Devemos muito a Carl Wunderlich (1815-1877) sobre o padrão da temperatura corpórea. Professor de medicina em Leipzig, em 1871 publicou o livro Temperatura nas Doenças, no qual reuniu informações sobre 25.000 pacientes. No seu prefácio, fala de seus 16 anos de pesquisa em diversas patologias e da “firme convicção do valor desse método de investigação, pois o conhecimento do curso da temperatura na doença é indispensável, porque todos os fenômenos dos doentes são merecedores de estudo”.

Mas isso só foi possível graças ao trabalho de Daniel Fahrenheit (1686-1736), que já fabricava termômetros utilizando álcool e, depois, em 1710, aperfeiçoou esses instrumentos com o uso do mercúrio, obtendo leituras mais precisas. Por trabalhar sem proteção, morreu intoxicado por esse metal líquido.

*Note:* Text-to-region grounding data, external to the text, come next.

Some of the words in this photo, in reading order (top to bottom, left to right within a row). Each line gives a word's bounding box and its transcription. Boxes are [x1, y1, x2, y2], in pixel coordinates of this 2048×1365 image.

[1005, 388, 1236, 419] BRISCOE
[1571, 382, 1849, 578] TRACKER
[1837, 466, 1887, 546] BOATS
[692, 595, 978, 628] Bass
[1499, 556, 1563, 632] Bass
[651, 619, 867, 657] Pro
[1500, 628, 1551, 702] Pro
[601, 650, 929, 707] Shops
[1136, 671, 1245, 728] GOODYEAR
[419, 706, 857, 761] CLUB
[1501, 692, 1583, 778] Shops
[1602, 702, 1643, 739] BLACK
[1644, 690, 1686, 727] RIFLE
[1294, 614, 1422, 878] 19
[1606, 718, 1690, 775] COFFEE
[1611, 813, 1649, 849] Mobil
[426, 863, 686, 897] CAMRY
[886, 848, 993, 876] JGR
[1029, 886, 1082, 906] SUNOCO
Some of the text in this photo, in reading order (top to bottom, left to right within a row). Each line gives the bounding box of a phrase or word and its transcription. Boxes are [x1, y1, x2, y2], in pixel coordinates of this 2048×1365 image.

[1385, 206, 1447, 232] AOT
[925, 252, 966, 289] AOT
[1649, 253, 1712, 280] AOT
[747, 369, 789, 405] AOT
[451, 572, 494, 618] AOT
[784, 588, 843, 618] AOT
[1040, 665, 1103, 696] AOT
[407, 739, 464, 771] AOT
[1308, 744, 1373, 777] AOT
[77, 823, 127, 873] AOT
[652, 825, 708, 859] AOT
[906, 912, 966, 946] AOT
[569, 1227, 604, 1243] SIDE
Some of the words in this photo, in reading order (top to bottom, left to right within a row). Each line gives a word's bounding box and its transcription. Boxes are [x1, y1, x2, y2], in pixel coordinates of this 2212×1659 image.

Não há dúvida quanto ao risco do manuseio do mercúrio, do seu descarte indiscriminado ocasionando danos ao meio ambiente e do perigo especial para gestantes e crianças. Isso levou a Convenção de Minamata, assinada por 140 países, incluindo o Brasil, a proibir seu uso, incluindo nos termômetros, a partir de janeiro de 2019. Porém a qualidade questionável de alguns aparelhos digitais atualmente disponíveis preocupa, sendo fundamental avaliar sua procedência, certificações e calibração, sem esquecer de verificar se suas baterias estejam carregadas.

Devemos continuar a adotar medidas simples, como a medição da temperatura corporal, que permanece como um parâmetro importante há mais de três séculos, apesar de nesse período ter havido tantas mudanças na medicina.
Como sabiamente afirmou Wunderlich, “embora questões teóricas sobre temperatura humana e assuntos afins não devam ser negligenciadas, a temperatura pode ser determinada com precisão e não pode ser fingida nem falsificada”.

TCBC Alfredo Guarisch

Artigo publicado no jornal O Globo na edição do dia 29 de agosto.